**Task instructions:**
Every entry below is to be copied exactly, with nothing omitted.

**Source material:**
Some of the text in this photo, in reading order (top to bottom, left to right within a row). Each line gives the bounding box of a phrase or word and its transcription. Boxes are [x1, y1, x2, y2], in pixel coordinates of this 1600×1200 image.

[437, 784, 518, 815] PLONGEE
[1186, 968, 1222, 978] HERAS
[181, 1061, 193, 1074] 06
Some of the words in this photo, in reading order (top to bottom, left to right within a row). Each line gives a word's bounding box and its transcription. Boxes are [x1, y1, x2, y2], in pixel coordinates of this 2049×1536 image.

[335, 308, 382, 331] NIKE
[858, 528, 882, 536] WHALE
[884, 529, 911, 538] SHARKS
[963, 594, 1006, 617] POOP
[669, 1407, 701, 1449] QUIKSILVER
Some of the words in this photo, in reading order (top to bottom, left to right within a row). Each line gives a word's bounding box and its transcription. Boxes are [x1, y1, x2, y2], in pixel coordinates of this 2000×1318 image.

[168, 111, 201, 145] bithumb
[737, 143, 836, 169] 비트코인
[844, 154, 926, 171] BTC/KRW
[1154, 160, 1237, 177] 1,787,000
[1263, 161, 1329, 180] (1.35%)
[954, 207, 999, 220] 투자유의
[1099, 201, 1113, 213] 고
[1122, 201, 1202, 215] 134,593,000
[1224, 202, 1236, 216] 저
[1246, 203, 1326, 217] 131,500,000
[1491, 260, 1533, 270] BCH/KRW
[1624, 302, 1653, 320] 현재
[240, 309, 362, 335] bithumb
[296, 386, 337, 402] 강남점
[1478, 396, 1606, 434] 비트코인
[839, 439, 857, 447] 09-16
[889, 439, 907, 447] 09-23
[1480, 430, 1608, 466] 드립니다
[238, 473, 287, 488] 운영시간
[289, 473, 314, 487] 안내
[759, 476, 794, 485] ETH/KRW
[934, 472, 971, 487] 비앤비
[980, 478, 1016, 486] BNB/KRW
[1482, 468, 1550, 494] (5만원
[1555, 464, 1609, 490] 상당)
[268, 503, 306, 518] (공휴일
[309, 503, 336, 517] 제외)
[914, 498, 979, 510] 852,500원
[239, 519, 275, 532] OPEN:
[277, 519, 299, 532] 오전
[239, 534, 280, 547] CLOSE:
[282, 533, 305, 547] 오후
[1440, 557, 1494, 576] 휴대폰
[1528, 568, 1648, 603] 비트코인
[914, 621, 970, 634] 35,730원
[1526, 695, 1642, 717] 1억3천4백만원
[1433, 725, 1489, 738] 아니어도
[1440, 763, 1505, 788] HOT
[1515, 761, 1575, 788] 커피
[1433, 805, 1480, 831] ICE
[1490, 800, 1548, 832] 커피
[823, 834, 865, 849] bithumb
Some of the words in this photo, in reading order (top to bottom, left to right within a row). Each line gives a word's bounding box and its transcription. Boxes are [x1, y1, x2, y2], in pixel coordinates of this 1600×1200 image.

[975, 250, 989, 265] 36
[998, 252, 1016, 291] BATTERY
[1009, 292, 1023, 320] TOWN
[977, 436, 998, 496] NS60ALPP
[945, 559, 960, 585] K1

**Response to the task:**
Some of the text in this photo, in reading order (top to bottom, left to right within a row). Each line gives the bounding box of a phrase or word and its transcription. Boxes are [x1, y1, x2, y2], in pixel coordinates of this 1600×1200 image.

[437, 784, 518, 815] PLONGEE
[1186, 968, 1222, 978] HERAS
[181, 1061, 193, 1074] 06
Some of the words in this photo, in reading order (top to bottom, left to right within a row). Each line gives a word's bounding box and its transcription. Boxes are [x1, y1, x2, y2], in pixel coordinates of this 2049×1536 image.

[335, 308, 382, 331] NIKE
[858, 528, 882, 536] WHALE
[884, 529, 911, 538] SHARKS
[963, 594, 1006, 617] POOP
[669, 1407, 701, 1449] QUIKSILVER
Some of the words in this photo, in reading order (top to bottom, left to right within a row). Each line gives a word's bounding box and its transcription. Boxes are [x1, y1, x2, y2], in pixel coordinates of this 2000×1318 image.

[168, 111, 201, 145] bithumb
[737, 143, 836, 169] 비트코인
[844, 154, 926, 171] BTC/KRW
[1154, 160, 1237, 177] 1,787,000
[1263, 161, 1329, 180] (1.35%)
[954, 207, 999, 220] 투자유의
[1099, 201, 1113, 213] 고
[1122, 201, 1202, 215] 134,593,000
[1224, 202, 1236, 216] 저
[1246, 203, 1326, 217] 131,500,000
[1491, 260, 1533, 270] BCH/KRW
[1624, 302, 1653, 320] 현재
[240, 309, 362, 335] bithumb
[296, 386, 337, 402] 강남점
[1478, 396, 1606, 434] 비트코인
[839, 439, 857, 447] 09-16
[889, 439, 907, 447] 09-23
[1480, 430, 1608, 466] 드립니다
[238, 473, 287, 488] 운영시간
[289, 473, 314, 487] 안내
[759, 476, 794, 485] ETH/KRW
[934, 472, 971, 487] 비앤비
[980, 478, 1016, 486] BNB/KRW
[1482, 468, 1550, 494] (5만원
[1555, 464, 1609, 490] 상당)
[268, 503, 306, 518] (공휴일
[309, 503, 336, 517] 제외)
[914, 498, 979, 510] 852,500원
[239, 519, 275, 532] OPEN:
[277, 519, 299, 532] 오전
[239, 534, 280, 547] CLOSE:
[282, 533, 305, 547] 오후
[1440, 557, 1494, 576] 휴대폰
[1528, 568, 1648, 603] 비트코인
[914, 621, 970, 634] 35,730원
[1526, 695, 1642, 717] 1억3천4백만원
[1433, 725, 1489, 738] 아니어도
[1440, 763, 1505, 788] HOT
[1515, 761, 1575, 788] 커피
[1433, 805, 1480, 831] ICE
[1490, 800, 1548, 832] 커피
[823, 834, 865, 849] bithumb
Some of the words in this photo, in reading order (top to bottom, left to right within a row). Each line gives a word's bounding box and its transcription. Boxes are [x1, y1, x2, y2], in pixel coordinates of this 1600×1200 image.

[975, 250, 989, 265] 36
[998, 252, 1016, 291] BATTERY
[1009, 292, 1023, 320] TOWN
[977, 436, 998, 496] NS60ALPP
[945, 559, 960, 585] K1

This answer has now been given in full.